◆ About this task
Copy the listing in full and exactly, omitting its images.

◆ Data records

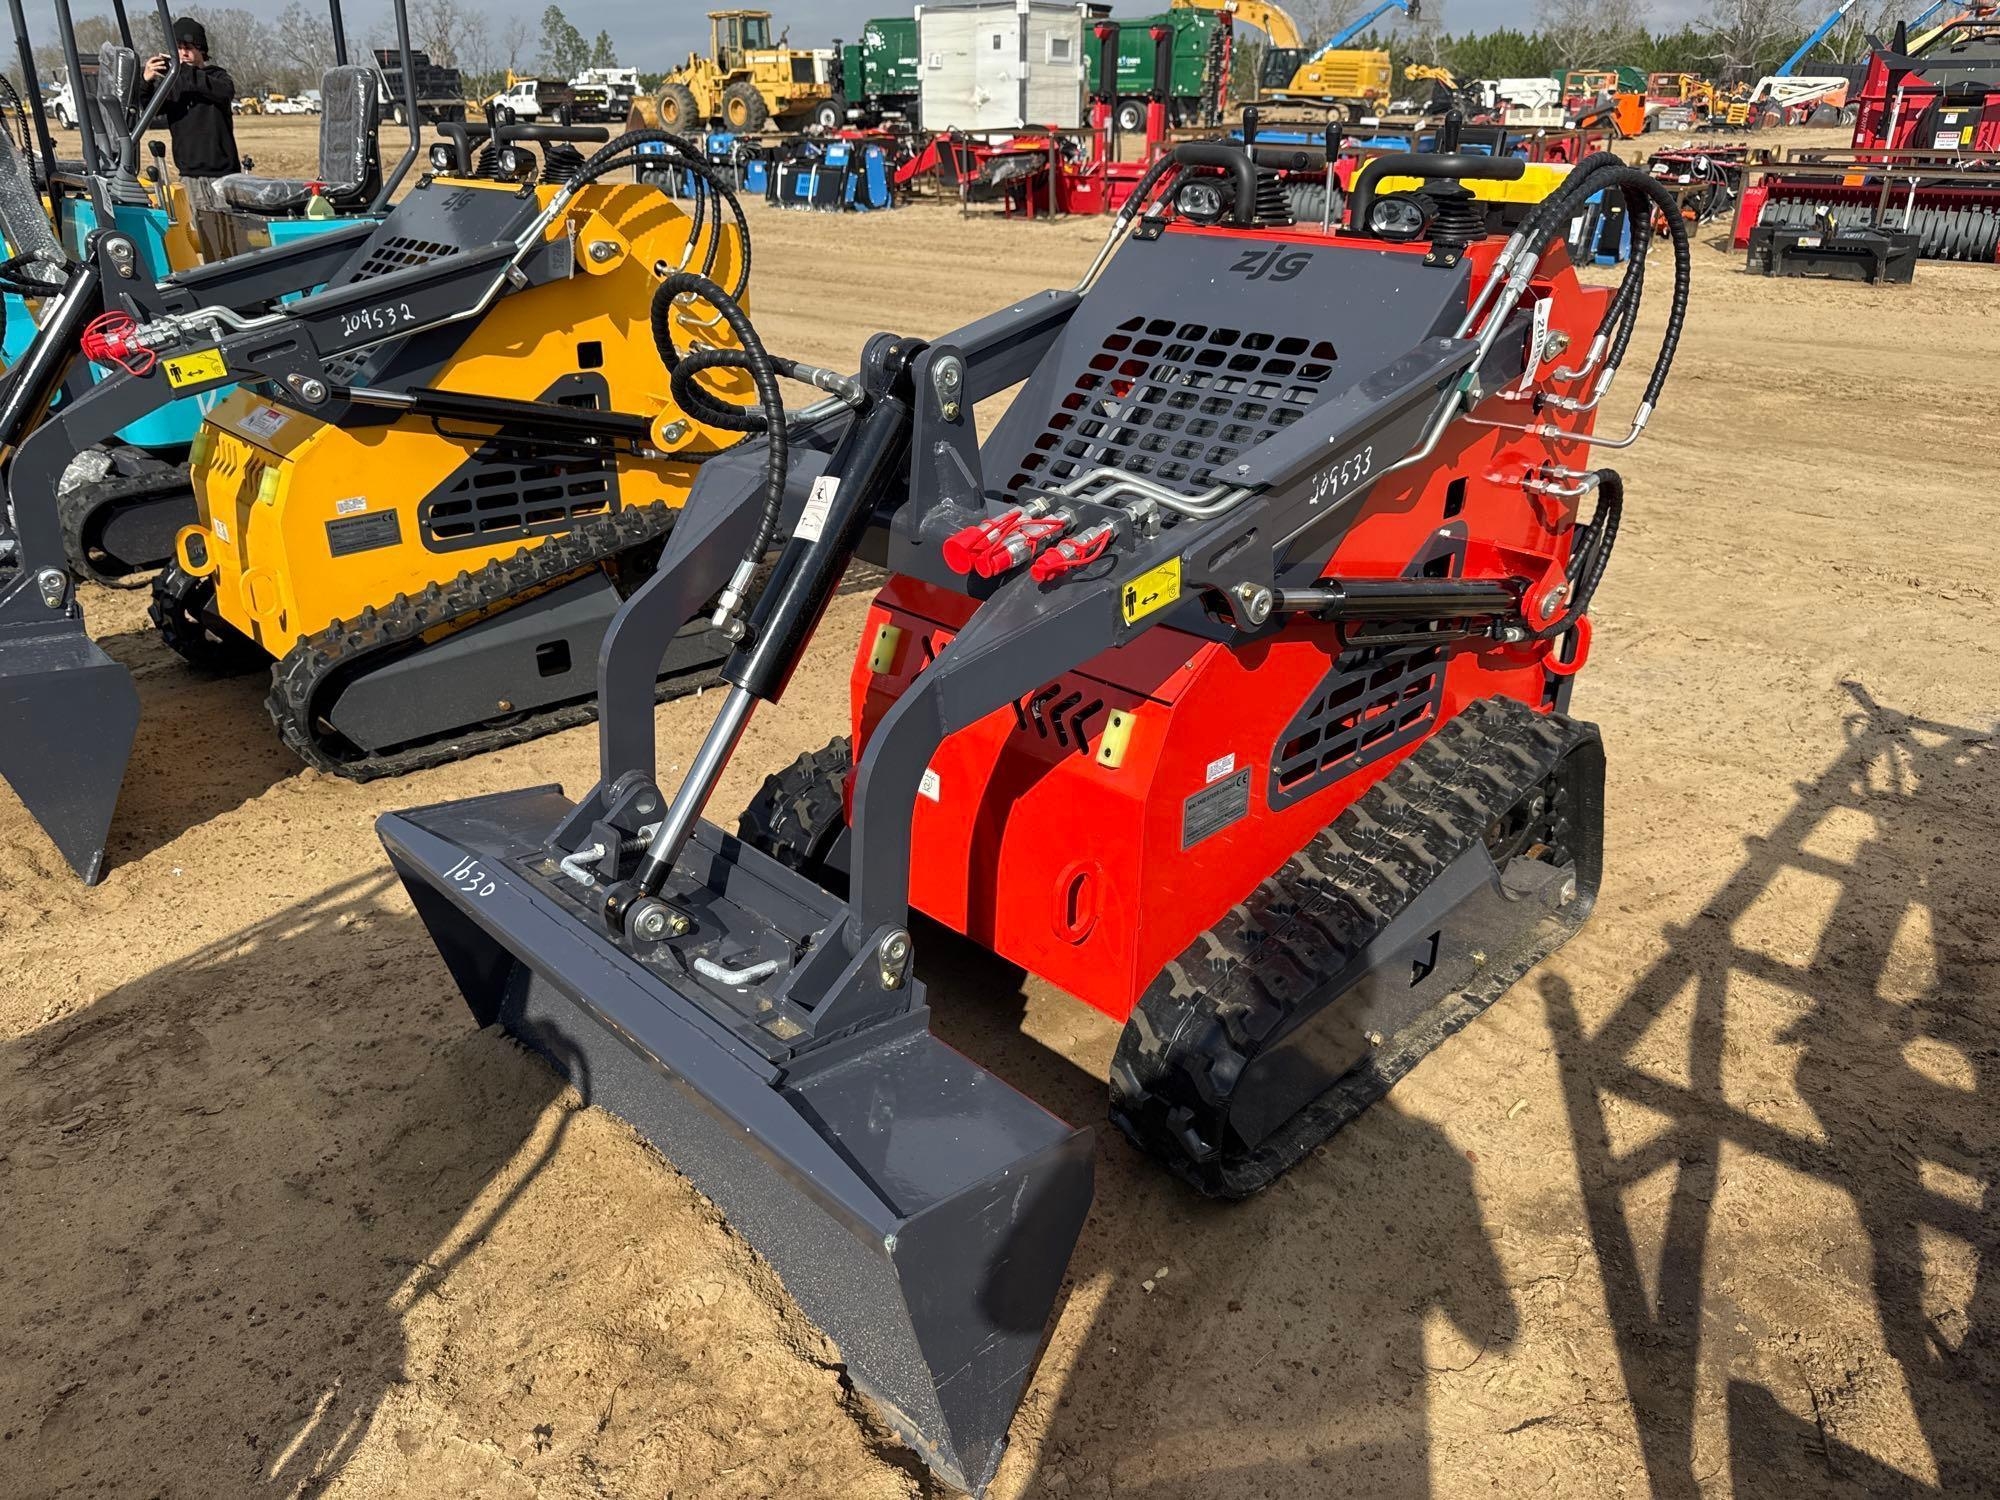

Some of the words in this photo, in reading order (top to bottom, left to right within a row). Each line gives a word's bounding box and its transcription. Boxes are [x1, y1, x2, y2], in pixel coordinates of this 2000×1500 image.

[1229, 244, 1314, 281] zjg
[341, 303, 416, 337] 209532
[1309, 446, 1372, 505] 209533
[443, 855, 496, 897] 1630

◆ Written reply
Some of the words in this photo, in reading order (top to bottom, left to right within a row). Each line gives a word's bounding box and its transcription. Boxes are [x1, y1, x2, y2], in pixel coordinates of this 2000×1500 image.

[1229, 244, 1314, 281] zjg
[341, 303, 416, 337] 209532
[1309, 446, 1372, 505] 209533
[443, 855, 496, 897] 1630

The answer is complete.